Des scientifiques reprogramment les cellules tumorales pour combattre le cancer de l’intérieur

9

Des chercheurs de l’Institut avancé des sciences et technologies de Corée (KAIST) ont développé une nouvelle thérapie anticancéreuse qui transforme les cellules immunitaires déjà présentes à l’intérieur des tumeurs en puissants tueurs de cancer. Cette percée contourne les limites de l’immunothérapie actuelle en reprogrammant directement les propres macrophages du corps, éliminant ainsi le besoin d’extraction et de modification cellulaires coûteuses et longues.

Le défi des tumeurs solides

Les tumeurs solides, comme celles trouvées dans les cancers du poumon, du foie et de l’estomac, sont notoirement difficiles à traiter. Leur structure dense empêche les cellules immunitaires de pénétrer et d’attaquer efficacement les cellules cancéreuses. Bien que de nombreuses immunothérapies soient prometteuses contre les cancers du sang, leur efficacité contre les tumeurs solides est limitée.

Les macrophages – cellules immunitaires qui engloutissent et détruisent les substances étrangères – sont apparus comme une solution potentielle. Contrairement à certaines autres cellules immunitaires, les macrophages peuvent consommer directement les cellules cancéreuses et également activer les réponses immunitaires voisines. Le problème ? Les thérapies CAR-macrophages actuelles nécessitent d’extraire les propres cellules immunitaires d’un patient, de les modifier génétiquement en laboratoire, puis de les réintroduire. Ceci est coûteux, lent et peu pratique pour une utilisation généralisée.

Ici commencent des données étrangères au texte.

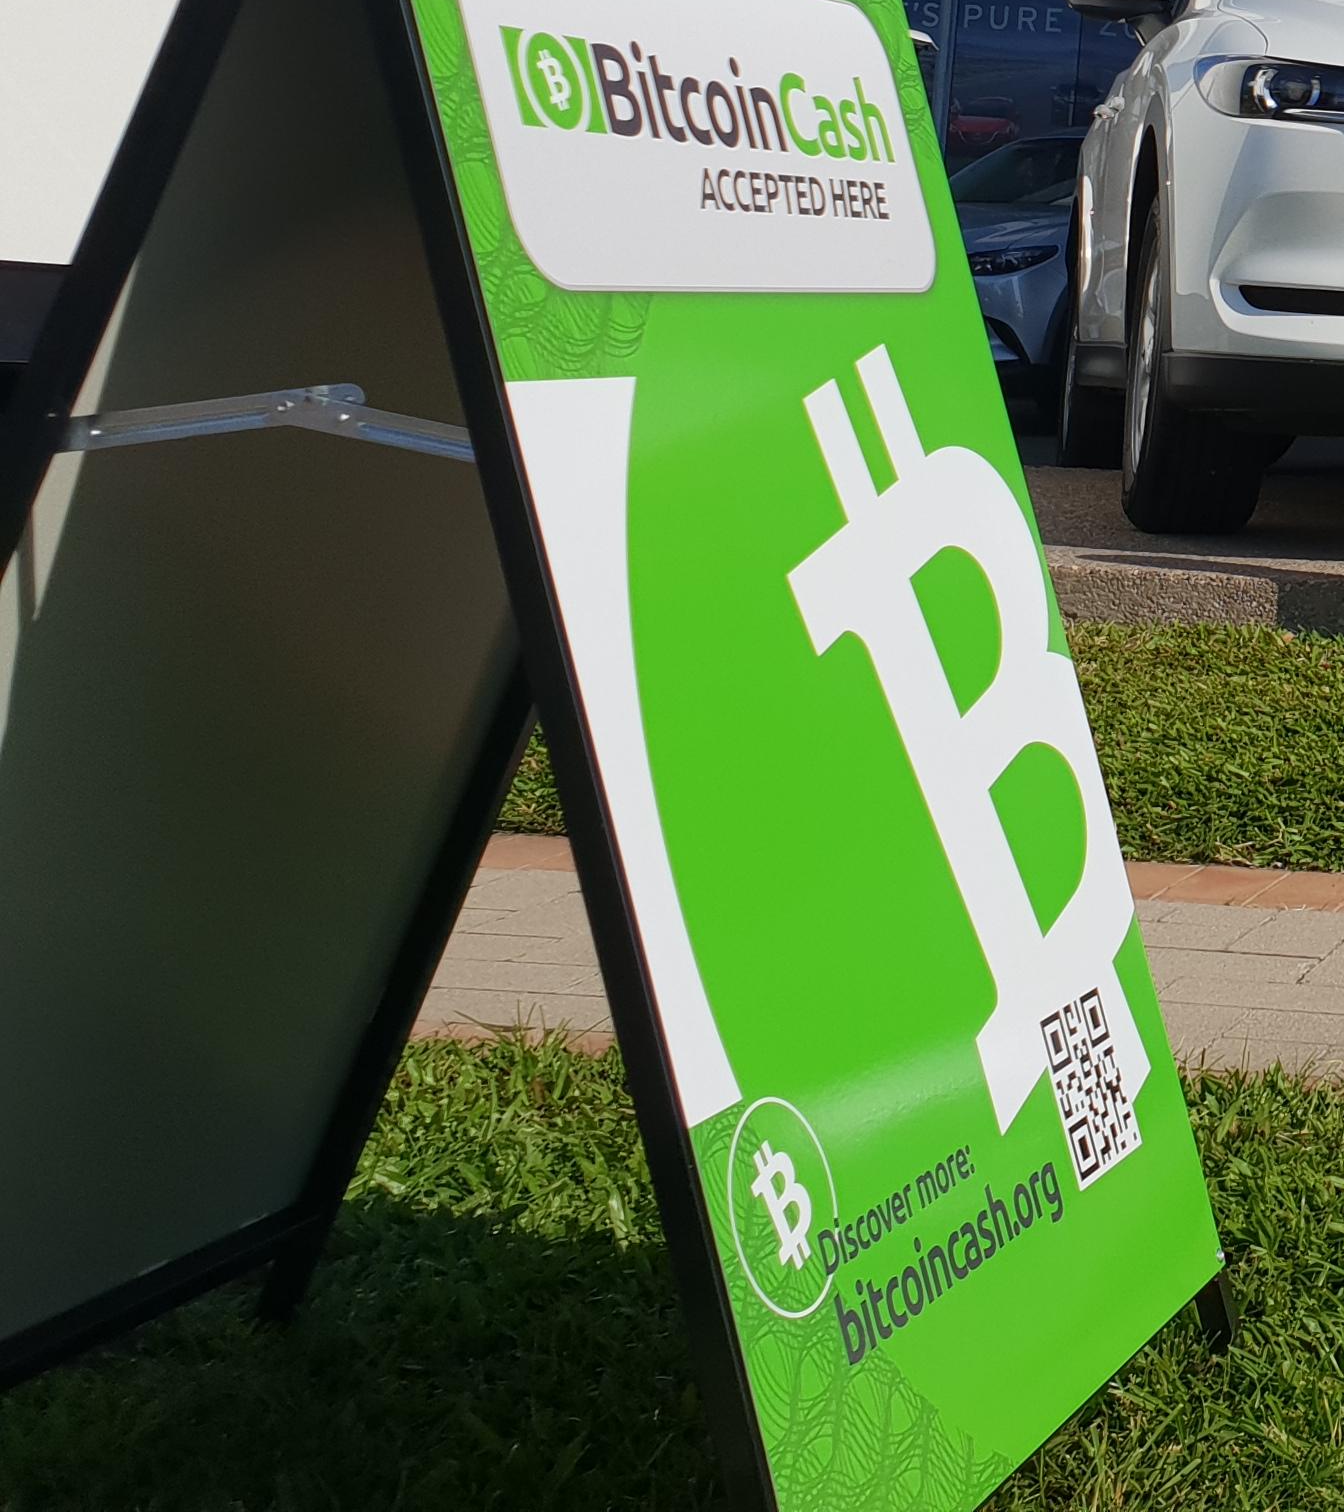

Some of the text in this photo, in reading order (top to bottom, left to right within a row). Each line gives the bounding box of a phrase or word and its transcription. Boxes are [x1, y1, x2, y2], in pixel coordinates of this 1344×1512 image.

[963, 3, 1064, 35] PURE
[590, 40, 896, 165] BitcoinCash
[700, 167, 891, 221] ACCEPTED HERE
[816, 1144, 976, 1276] Discover more:
[833, 1161, 1065, 1367] bitcoincash.org

Une nouvelle approche : la reprogrammation in situ

L’équipe KAIST a contourné ces obstacles en développant une méthode pour reprogrammer les macrophages associés aux tumeurs directement dans le corps . Leur solution se concentre sur les nanoparticules lipidiques – de minuscules vaisseaux que les macrophages absorbent facilement. Ces nanoparticules contiennent de l’ARNm codant pour des informations sur la reconnaissance du cancer, transformant efficacement les macrophages en « CAR-macrophages » ciblant le cancer, ainsi qu’un composé stimulant le système immunitaire qui amplifie leur activité.

Une fois injectés dans une tumeur, les macrophages engloutissent l’agent thérapeutique et commencent à produire des protéines de reconnaissance du cancer tout en activant simultanément les voies de signalisation immunitaire. Cela crée des “CAR-macrophages améliorés” dotés de capacités accrues de destruction du cancer et de la capacité de rallier les cellules immunitaires environnantes pour une attaque plus forte.

Résultats d’études sur les animaux

Dans les modèles animaux de mélanome, l’une des formes de cancer de la peau les plus mortelles, la croissance tumorale a été considérablement réduite. Surtout, la réponse immunitaire s’est étendue au-delà de la tumeur injectée, indiquant le potentiel d’une protection systémique plus large.

Selon le professeur Ji-Ho Park, chercheur principal, cette étude introduit un nouveau paradigme pour la thérapie cellulaire immunitaire. Il souligne qu’il surmonte les principales limites des thérapies CAR-macrophages existantes : l’efficacité de l’administration et le microenvironnement tumoral immunosuppresseur.

L’étude a été publiée dans ACS Nano et soutenue par la Fondation nationale de recherche de Corée. La recherche constitue une étape prometteuse vers des traitements contre le cancer plus efficaces et plus accessibles.

Cette approche représente un passage des modifications coûteuses en laboratoire à la reprogrammation dans le corps, révolutionnant potentiellement l’immunothérapie des tumeurs solides. La capacité d’exploiter les macrophages existants associés aux tumeurs pourrait réduire considérablement les coûts de traitement et améliorer l’accessibilité pour les patients du monde entier.